**The task**
Could you print only the lines from the one containing "this 1600×900 image." through the end of the listing below, unchanged?

Information given below:

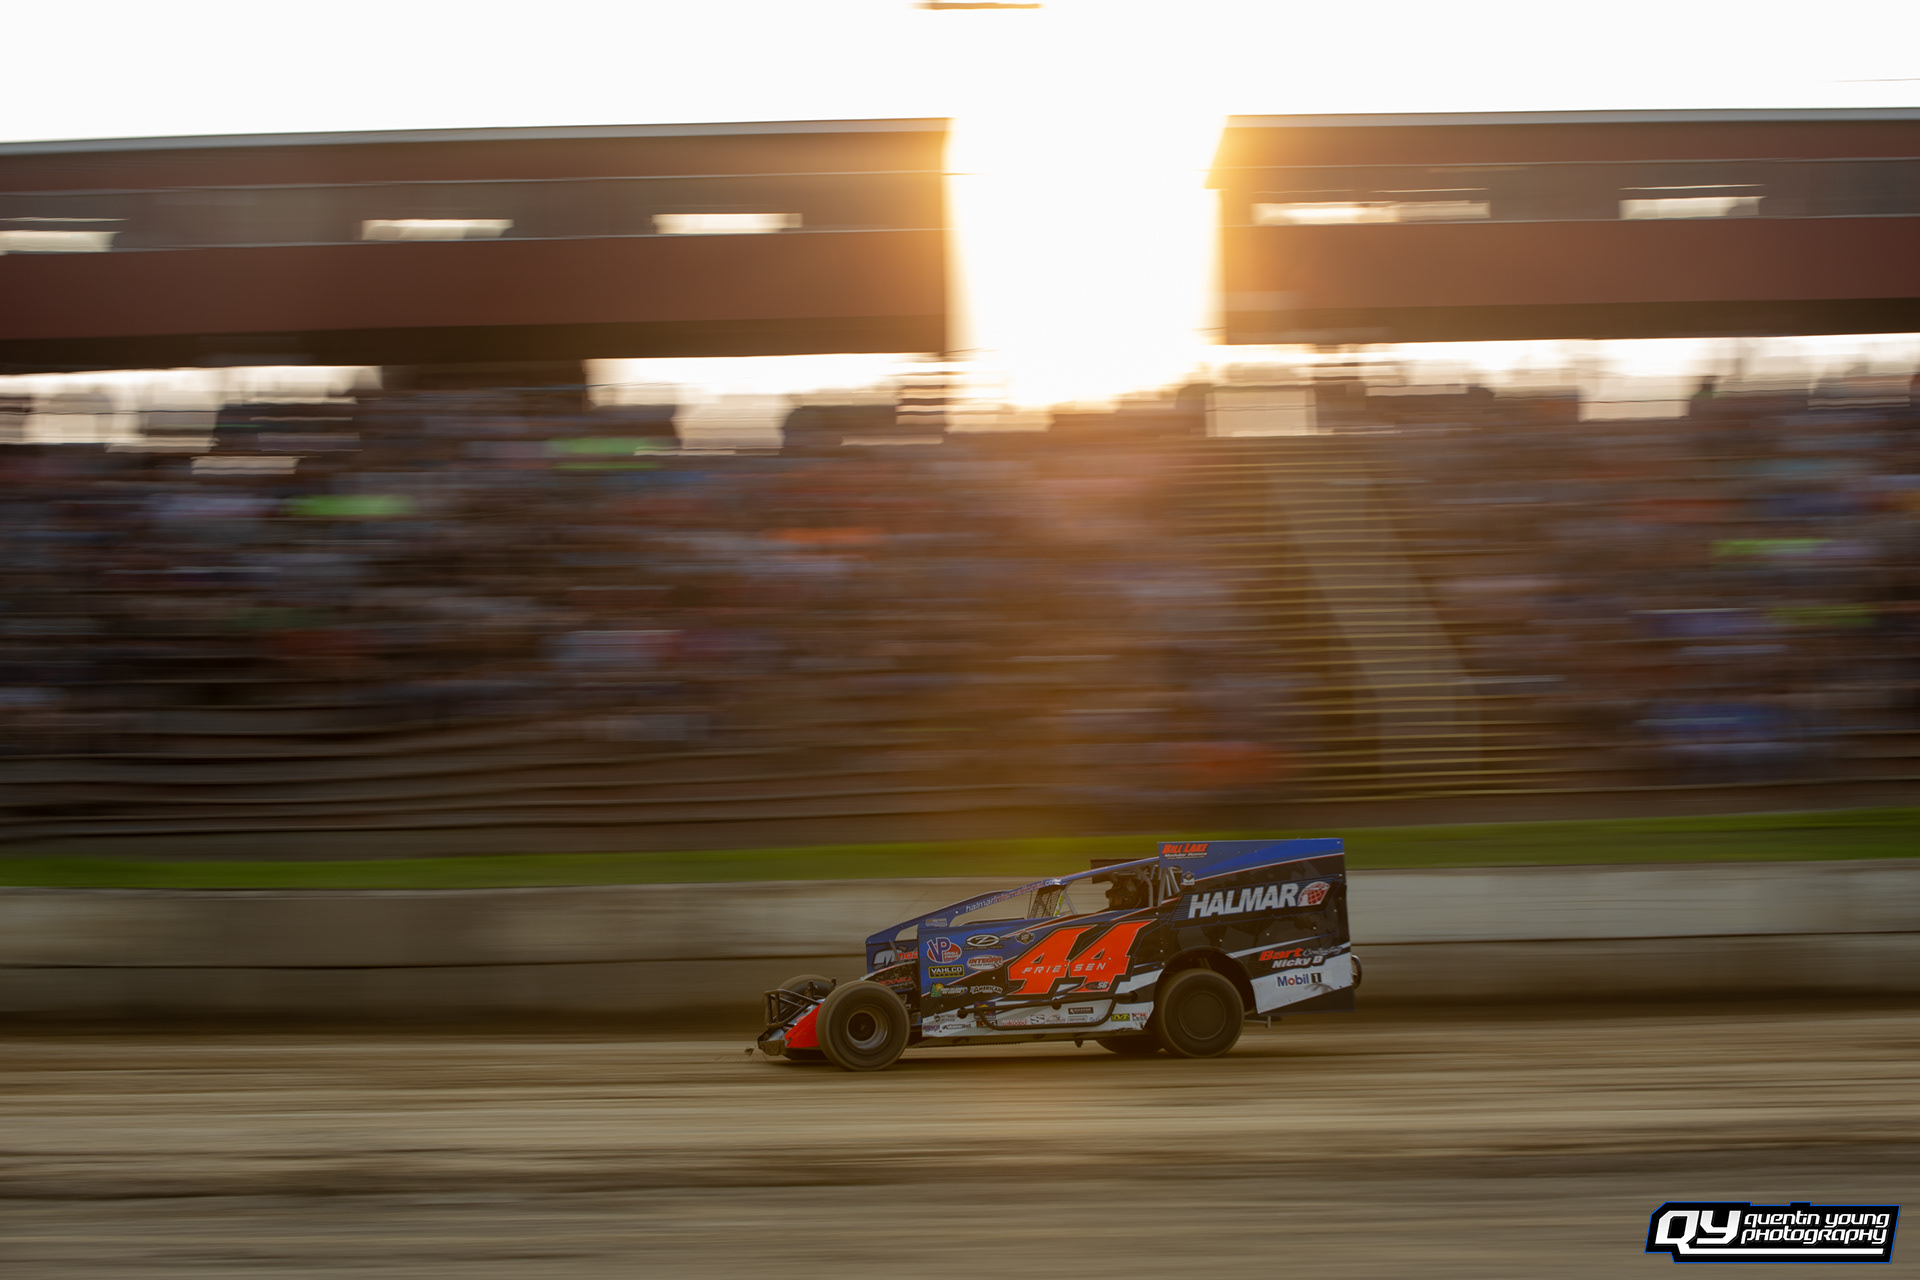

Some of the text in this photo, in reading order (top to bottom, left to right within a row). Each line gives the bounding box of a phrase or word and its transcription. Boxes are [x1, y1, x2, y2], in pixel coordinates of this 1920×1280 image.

[1188, 883, 1299, 919] HALMAR
[927, 937, 951, 963] VP
[1007, 918, 1158, 995] 44
[1259, 948, 1304, 961] Bart
[1312, 956, 1323, 964] D
[930, 966, 962, 974] VAHLCO
[1022, 962, 1106, 974] FRIESEN
[1277, 973, 1310, 987] Mobil
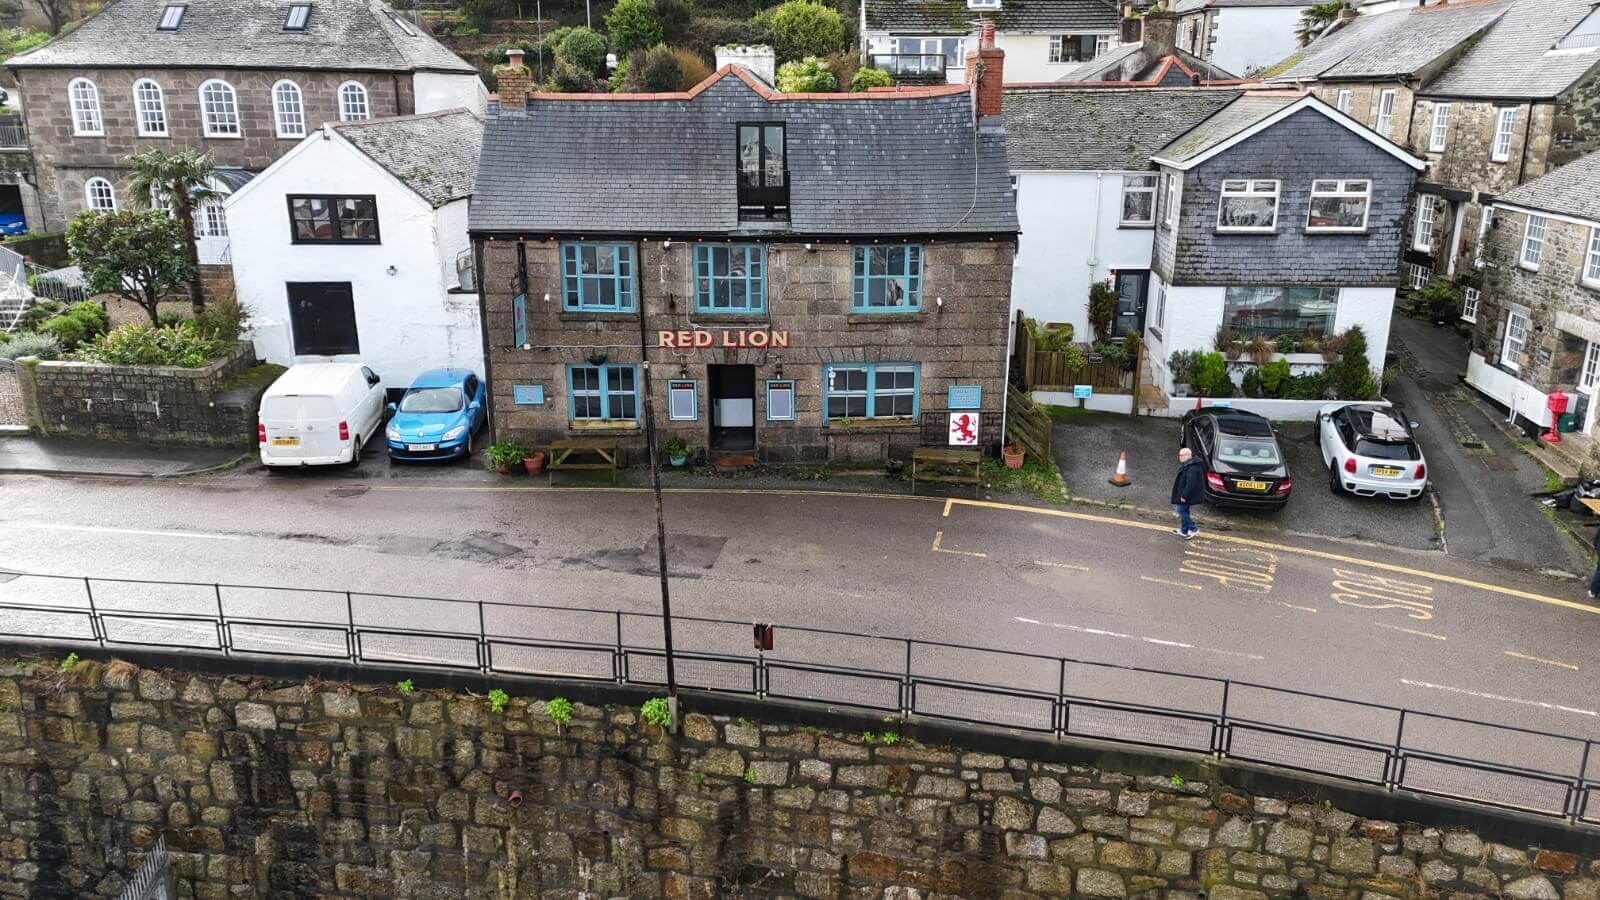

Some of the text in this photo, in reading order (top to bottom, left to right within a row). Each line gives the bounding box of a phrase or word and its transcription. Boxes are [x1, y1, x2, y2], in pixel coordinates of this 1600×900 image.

[658, 330, 790, 348] RED LION
[1179, 539, 1279, 594] STOP
[1331, 567, 1434, 620] BUS

End of Information given.

**Task result**
Some of the text in this photo, in reading order (top to bottom, left to right within a row). Each line gives the bounding box of a phrase or word and its transcription. Boxes are [x1, y1, x2, y2], in pixel coordinates of this 1600×900 image.

[658, 330, 790, 348] RED LION
[1179, 539, 1279, 594] STOP
[1331, 567, 1434, 620] BUS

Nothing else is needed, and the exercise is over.